Business / Technology

Will mobile VR experiences fizzle or take off in China?

By Liu Zheng ( Updated: 2016-05-31 09:59

Will mobile VR experiences fizzle or take off in China?

ZTE Corp introduces ZTE VR headset on May 26, 2016 during the company's new flagship Axon 7 launch event held in Beijing. [Liu Zheng/]

Chinese tech company ZTE Corp unveiled a brand new mobile-driven virtual reality (VR) headset on May 26, taking on the group lead by Samsung and Huawei in the mobile VR market.

Priced at 531 yuan ($80), the product is believed to be the company's answer to Samsung Gear VR, and it will let the company's new flagship Axon 7 users experience VR at a cheaper price, a big factor in the price sensitive market.

Nearly one and half month ago, one of ZTE's competitors -- Huawei - unveiled its mobile VR headset, which will be able to function with the company's newly launched flagships -- P9 and P9 Plus.

Compared with Huawei P9's 1,920 x 1,080 pixels display solutions, ZTE Axon 7 is a more pixel-dense phone with a 2K AMOLED screen, which will theoretically provide a smoother watching experience when you move your head with the wearable device displaying motion images about two inches from your eyeballs.

According to ZTE, the company is poised to become one of the first VR headset manufacturers to be compatible with the Google Daydream VR platform announced earlier this month at the tech giant's worldwide developers' conference -- Google IO 2016.

Although Google has not announced any detailed regulations for its "Daydream" platform, rumors have indicated that 4K display resolutions is a must for smartphones to demonstrate high-quality-required VR content in the future.

Will mobile VR experiences fizzle or take off in China?

People test Samsung Gear VR glasses at their stand during the Mobile World Congress in Barcelona, Spain February 23, 2016. [Photo/Agencies]
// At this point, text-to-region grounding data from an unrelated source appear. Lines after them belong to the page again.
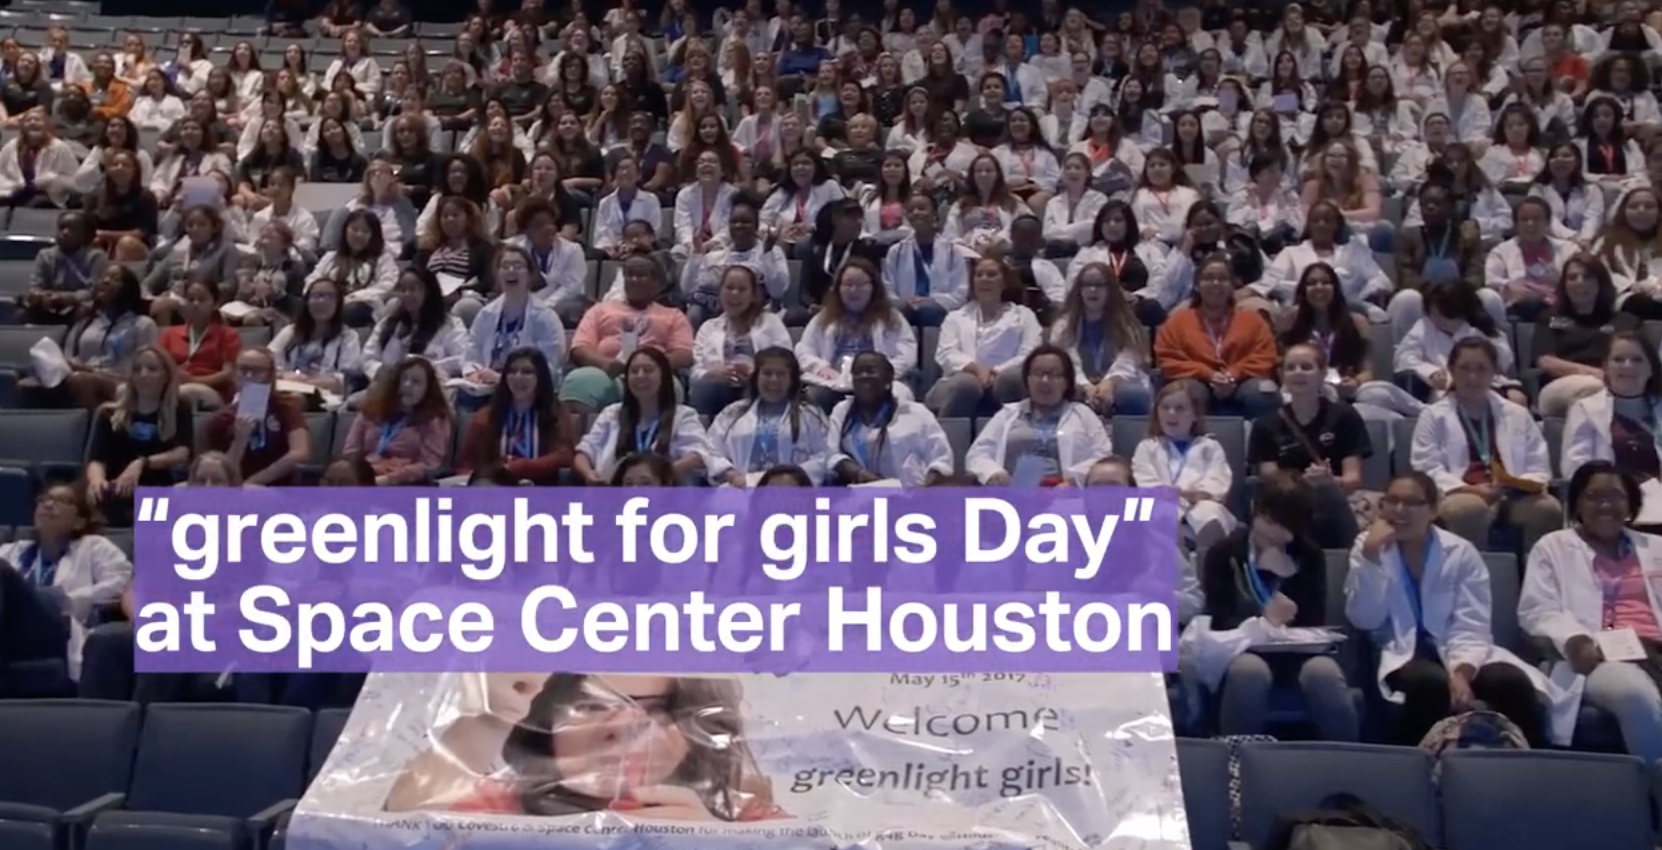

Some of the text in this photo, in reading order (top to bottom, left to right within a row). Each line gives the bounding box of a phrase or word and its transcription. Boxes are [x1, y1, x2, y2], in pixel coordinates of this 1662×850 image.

[889, 672, 935, 688] May
[982, 672, 1026, 683] 2017
[833, 704, 1060, 738] Welcome
[790, 757, 1093, 799] greenlight girls!
[634, 821, 696, 836] Houston
The industry pioneer Samsung recently showcased 5.5-inch 4K display for mobile VR usage during the annual Display Week held in San Francisco.

Given that the industry will lure more phone makers to participate in VR, will it be a new selling point that will stimulate the market or a new concept that will fulfill their users' experiences?

Todd Richmond, director of advanced prototypes at the University of Southern California Institute for Creative Technologies, expressed his optimism about the mobile VR's future. He said in an interview with the Institute of Electrical and Electronics Engineers this March: "VR/ augmented reality is likely to develop into the next smartphone -- it will replace a smartphone or incorporate its features, but it will take 10 years."

Kevin Curran, head of the British Ulster University's Ambient Intelligence and Virtual Worlds Research Team, agreed that there's still a long way to go for VR equipment to become must-have. Curran said: "After experiencing a long period of development, VR may become standard smartphone interface, the two being combined is not impossible."

Will mobile VR experiences fizzle or take off in China?

Clay Bavor, vice president of virtual reality at Google, introduces Daydream during the Google I/O 2016 developers conference in Mountain View, California May 18, 2016. [Photo/Agencies]

Tan Ying, industry analysis of market research company GfK China, told China Daily that the reasons behind the smartphone-driven VR investment fever are the relatively low tech threshold to access the terminal device mass production and the potential stimulation that enables to boost the sales of the existing smartphone production lines."

"VR is one of the future trends that's still in its early days and requires years of improvements to become mature. It cannot replace smartphones overnight," said Ying.

From both the supply side and demand side of the mobile VR, "the smartphone-driven VR goggles will become a proper market access point for companies to educate their VR early adapters and it is a low-cost and efficient approach as most of the domestic buyers are not hardcore console players who are willing to purchase a high-end VR device," said Ying. "The cost is a big worry for users."

Ying said that a group of small VR manufacturers will not survive in near term and the market may witness a slowdown in the coming two years until a well recognized technology matures and user-friendly products pop up in the market.